The task → What is needed here is an exact copy of every entry.
Information START
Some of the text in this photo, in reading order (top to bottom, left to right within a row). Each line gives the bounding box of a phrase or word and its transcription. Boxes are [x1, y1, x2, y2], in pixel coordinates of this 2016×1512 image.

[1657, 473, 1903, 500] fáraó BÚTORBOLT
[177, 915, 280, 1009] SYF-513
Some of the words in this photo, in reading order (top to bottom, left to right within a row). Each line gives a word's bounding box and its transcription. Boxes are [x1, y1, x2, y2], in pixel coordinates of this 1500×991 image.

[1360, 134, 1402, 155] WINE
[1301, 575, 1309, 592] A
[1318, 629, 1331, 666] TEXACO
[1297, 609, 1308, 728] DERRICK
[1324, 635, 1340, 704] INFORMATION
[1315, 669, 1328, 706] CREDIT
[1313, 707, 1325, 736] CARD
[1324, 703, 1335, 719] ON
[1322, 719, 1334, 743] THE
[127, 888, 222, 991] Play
Information END
Task result →
Some of the text in this photo, in reading order (top to bottom, left to right within a row). Each line gives the bounding box of a phrase or word and its transcription. Boxes are [x1, y1, x2, y2], in pixel coordinates of this 2016×1512 image.

[1657, 473, 1903, 500] fáraó BÚTORBOLT
[177, 915, 280, 1009] SYF-513
Some of the words in this photo, in reading order (top to bottom, left to right within a row). Each line gives a word's bounding box and its transcription. Boxes are [x1, y1, x2, y2], in pixel coordinates of this 1500×991 image.

[1360, 134, 1402, 155] WINE
[1301, 575, 1309, 592] A
[1318, 629, 1331, 666] TEXACO
[1297, 609, 1308, 728] DERRICK
[1324, 635, 1340, 704] INFORMATION
[1315, 669, 1328, 706] CREDIT
[1313, 707, 1325, 736] CARD
[1324, 703, 1335, 719] ON
[1322, 719, 1334, 743] THE
[127, 888, 222, 991] Play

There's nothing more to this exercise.